La Covisoc "ha analizzato un'analisi sui bilanci delle società e mostra come il cosiddetto trading dei calciatori - pur avendo garantito copiose plusvalenze idonee a sostenere gli aggregati patrimoniali - abbia generato pochissima liquidità - si legge nel documento -. La Covisoc evidenzia una divergenza tra il prezzo pattuito e il valore dei diritti compravenduti". Nel caso dei club - sottolinea - "sussistono innegabili peculiarità di cui non è possibile prescindere. Il patrimonio delle società di calcio è sovente rappresentato in maniera preponderante dal parco calciatori. Tale circostanza potrebbe indurre a condotte rivalutative al limite con conseguente alterazione dell'affidabilità dei bilanci". Fenomeni questi che l'organo di controllo definisce "potenzialmente patologici e per i quali chiede la possibile e celere adozione di misure" idonee.
"Nel nostro Paese c'è una cultura del sospetto diffusa. E' una strategia, un metodo di lavoro che fa parte del nostro paese e mi stupisce che si segua questa cultura". Il presidente della FIGC, Gabriele Gravina, nel frattempo ha risposto così a una domanda sul tema delle due 'carte Covisoc': "Capisco le diverse strategie, ma è evidente il modo di lavorare all'interno della Figc che io ho dichiarato dal primo istante, tracciando perfettamente i contenuti di quelle due mail. Non c'è niente di strano, ho chiesto alla Covisoc di fare accertamenti per forme di studio e la Covisoc rileva, tutto qui.
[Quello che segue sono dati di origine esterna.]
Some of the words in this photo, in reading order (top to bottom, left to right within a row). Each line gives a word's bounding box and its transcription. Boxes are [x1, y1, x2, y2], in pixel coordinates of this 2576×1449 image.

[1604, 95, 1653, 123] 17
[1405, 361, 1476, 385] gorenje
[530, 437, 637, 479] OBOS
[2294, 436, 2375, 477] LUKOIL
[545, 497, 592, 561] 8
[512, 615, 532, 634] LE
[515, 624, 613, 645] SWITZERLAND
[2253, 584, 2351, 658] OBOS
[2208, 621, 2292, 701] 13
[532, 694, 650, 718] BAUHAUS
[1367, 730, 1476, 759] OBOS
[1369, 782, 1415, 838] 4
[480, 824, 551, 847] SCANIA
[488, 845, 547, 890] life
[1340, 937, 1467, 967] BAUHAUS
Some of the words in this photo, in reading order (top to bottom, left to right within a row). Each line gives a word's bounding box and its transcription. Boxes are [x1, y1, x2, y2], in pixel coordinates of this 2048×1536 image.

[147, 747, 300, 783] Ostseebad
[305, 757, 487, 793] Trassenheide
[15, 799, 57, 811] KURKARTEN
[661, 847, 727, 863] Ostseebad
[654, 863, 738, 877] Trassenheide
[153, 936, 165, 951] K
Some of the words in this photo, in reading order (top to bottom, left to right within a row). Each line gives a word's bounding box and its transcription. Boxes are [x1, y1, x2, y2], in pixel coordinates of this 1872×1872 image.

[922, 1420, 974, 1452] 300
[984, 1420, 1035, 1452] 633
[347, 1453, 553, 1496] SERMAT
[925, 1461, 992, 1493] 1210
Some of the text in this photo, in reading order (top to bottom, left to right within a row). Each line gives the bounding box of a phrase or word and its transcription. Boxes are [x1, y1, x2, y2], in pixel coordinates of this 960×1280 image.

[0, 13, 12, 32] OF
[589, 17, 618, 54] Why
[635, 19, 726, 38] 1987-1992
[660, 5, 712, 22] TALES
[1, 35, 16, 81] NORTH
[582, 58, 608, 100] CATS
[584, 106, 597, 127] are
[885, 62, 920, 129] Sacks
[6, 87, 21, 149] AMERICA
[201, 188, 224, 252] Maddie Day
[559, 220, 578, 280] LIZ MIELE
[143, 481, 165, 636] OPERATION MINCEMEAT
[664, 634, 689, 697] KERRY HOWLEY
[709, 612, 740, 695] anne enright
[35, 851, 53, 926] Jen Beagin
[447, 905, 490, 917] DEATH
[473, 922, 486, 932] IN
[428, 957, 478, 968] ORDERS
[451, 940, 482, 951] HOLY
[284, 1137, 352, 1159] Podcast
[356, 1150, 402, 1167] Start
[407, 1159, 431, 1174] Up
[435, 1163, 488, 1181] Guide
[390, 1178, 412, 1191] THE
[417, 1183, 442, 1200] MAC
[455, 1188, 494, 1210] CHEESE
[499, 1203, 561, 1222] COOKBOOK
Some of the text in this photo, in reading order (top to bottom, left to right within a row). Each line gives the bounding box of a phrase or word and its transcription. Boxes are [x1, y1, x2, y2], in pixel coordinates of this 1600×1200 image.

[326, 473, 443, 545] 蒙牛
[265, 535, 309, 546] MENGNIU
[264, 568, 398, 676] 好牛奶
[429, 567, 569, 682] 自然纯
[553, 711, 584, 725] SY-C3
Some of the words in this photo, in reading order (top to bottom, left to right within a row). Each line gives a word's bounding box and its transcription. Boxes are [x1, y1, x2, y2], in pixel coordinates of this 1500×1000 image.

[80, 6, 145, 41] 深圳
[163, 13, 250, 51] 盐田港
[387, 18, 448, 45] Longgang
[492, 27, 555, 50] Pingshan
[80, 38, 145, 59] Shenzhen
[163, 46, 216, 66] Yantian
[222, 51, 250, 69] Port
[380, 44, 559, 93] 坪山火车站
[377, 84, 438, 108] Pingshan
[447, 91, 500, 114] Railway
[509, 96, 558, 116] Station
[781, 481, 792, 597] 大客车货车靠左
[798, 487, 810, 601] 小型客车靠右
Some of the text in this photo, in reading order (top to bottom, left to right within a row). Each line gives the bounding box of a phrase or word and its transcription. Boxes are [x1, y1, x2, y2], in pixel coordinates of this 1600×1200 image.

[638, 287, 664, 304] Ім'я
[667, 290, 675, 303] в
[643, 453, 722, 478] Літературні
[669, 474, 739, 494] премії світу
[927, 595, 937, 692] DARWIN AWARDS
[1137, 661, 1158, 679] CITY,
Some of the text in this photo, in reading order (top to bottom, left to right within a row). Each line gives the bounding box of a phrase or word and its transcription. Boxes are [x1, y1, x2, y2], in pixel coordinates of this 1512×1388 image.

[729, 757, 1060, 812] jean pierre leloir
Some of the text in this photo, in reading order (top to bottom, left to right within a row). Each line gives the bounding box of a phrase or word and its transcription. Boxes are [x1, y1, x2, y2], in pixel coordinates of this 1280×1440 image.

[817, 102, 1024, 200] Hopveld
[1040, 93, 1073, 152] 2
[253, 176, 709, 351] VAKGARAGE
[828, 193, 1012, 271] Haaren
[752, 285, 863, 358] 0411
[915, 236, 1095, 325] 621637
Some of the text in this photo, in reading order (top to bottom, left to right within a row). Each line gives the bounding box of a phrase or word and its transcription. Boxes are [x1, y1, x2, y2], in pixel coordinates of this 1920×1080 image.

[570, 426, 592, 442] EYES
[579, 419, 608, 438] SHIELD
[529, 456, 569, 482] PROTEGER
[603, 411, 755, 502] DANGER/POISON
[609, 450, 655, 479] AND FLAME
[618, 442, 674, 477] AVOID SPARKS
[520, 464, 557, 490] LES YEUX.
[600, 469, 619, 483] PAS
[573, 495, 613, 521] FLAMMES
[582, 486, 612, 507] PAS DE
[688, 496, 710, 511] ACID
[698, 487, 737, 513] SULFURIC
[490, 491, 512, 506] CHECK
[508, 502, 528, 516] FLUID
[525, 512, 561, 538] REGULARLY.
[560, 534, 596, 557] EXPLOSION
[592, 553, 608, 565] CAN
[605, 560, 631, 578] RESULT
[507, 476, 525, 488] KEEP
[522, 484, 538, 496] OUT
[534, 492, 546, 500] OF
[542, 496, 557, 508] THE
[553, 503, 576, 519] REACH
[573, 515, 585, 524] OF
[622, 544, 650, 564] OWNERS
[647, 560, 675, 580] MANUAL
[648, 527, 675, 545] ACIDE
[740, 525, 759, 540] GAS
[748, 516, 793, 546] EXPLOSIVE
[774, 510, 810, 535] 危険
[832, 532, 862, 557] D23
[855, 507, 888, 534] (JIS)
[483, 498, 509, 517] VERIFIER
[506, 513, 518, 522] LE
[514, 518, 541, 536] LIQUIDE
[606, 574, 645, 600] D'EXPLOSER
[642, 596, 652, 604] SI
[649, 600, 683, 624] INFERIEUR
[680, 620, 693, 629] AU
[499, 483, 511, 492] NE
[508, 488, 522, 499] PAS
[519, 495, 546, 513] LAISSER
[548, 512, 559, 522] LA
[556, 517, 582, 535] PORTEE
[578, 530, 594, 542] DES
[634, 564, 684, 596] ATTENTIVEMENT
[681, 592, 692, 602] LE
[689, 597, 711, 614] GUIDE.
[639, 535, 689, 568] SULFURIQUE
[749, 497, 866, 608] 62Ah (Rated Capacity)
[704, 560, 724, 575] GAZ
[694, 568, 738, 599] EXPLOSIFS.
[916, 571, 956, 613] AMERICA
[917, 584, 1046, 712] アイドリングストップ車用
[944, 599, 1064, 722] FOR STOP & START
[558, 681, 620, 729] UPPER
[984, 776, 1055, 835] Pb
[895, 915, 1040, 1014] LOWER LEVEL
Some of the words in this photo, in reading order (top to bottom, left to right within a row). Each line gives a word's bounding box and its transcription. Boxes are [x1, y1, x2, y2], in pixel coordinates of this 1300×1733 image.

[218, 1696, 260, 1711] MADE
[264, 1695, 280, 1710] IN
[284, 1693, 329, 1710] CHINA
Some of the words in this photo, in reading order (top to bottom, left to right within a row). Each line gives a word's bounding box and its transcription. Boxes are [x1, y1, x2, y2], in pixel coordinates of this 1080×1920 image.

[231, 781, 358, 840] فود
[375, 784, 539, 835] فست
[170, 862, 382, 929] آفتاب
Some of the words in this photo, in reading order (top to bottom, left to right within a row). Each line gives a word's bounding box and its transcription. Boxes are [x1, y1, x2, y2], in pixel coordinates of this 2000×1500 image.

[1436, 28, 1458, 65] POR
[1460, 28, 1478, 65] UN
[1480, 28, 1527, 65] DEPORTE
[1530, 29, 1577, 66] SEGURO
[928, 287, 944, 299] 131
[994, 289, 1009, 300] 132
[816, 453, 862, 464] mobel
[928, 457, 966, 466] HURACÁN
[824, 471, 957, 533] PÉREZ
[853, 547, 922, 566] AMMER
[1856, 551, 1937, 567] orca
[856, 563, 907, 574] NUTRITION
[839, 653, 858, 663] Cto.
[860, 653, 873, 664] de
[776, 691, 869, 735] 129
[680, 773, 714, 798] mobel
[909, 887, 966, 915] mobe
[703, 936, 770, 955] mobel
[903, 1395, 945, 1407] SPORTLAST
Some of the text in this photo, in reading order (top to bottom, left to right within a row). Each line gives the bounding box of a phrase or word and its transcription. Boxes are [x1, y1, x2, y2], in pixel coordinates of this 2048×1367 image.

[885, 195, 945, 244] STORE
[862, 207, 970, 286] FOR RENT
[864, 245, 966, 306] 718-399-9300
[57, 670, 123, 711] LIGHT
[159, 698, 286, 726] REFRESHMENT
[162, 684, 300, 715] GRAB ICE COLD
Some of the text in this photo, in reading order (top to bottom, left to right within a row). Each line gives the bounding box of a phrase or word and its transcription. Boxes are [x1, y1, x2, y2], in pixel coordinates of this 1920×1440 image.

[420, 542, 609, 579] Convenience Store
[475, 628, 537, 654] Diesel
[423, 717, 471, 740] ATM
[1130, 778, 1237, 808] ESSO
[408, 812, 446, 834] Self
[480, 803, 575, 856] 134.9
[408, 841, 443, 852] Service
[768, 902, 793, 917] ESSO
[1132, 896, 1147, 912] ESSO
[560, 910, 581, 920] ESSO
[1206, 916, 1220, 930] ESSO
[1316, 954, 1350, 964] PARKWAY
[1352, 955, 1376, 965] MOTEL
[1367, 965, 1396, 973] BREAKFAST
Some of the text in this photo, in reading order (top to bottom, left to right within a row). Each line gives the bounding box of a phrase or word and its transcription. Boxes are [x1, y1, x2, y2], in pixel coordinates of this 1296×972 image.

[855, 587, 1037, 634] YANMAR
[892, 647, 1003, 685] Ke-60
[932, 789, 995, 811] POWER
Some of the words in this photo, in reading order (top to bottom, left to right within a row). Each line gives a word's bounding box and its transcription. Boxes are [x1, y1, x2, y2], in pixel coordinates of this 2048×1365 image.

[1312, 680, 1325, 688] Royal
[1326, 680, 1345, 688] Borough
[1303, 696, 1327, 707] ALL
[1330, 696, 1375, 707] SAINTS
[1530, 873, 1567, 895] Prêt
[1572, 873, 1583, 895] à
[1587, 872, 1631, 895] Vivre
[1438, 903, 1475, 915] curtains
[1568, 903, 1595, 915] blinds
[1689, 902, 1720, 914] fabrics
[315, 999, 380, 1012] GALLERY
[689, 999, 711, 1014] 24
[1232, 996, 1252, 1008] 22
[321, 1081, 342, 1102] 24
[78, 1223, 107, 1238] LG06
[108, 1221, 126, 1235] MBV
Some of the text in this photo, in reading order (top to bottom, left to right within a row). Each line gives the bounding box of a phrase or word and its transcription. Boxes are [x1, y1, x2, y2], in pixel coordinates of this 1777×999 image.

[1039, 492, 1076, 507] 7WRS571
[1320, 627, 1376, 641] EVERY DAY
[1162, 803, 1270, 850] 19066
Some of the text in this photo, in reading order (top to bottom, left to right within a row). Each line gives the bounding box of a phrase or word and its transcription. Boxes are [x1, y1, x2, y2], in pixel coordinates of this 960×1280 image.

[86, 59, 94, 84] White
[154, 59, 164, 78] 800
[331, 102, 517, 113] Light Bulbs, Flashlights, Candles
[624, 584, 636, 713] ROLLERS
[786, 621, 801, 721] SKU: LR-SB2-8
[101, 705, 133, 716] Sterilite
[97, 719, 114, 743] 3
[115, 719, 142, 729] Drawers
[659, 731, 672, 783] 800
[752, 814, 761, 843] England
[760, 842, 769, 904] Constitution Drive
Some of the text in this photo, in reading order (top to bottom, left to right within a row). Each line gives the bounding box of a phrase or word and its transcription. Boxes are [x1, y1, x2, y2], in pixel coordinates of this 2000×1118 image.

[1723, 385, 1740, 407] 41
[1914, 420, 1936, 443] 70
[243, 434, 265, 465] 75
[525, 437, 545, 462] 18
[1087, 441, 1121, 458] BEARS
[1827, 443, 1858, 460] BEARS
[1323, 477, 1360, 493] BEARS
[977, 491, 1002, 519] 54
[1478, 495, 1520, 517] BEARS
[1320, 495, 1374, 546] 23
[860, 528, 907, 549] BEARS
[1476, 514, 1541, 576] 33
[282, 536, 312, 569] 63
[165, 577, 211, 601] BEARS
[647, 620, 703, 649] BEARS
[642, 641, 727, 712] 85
E' una modalità operativa di studio che si è trasformata in una forma di esaltazione, una modalità per trovare un grimaldello".
Nel frattempo, la UEFA ha chiesto e ricevuto i nuovi atti della Procura di Torino relativi all'inchiesta Prisma, con l'obiettivo di monitorare la situazione della Juventus. Al centro dell'indagine interna ci sono gli ultimi bilanci del club bianconero, quelli che hanno portato al settlement agreement fra le parti. A Nyon hanno voluto prendere visione delle nuove carte, quelle legate alle ulteriori indagini in attesa dell'udienza davanti al Gup. Fra queste ci sono anche quelle riguardanti gli accordi segreti per il riacquisto di alcuni calciatori.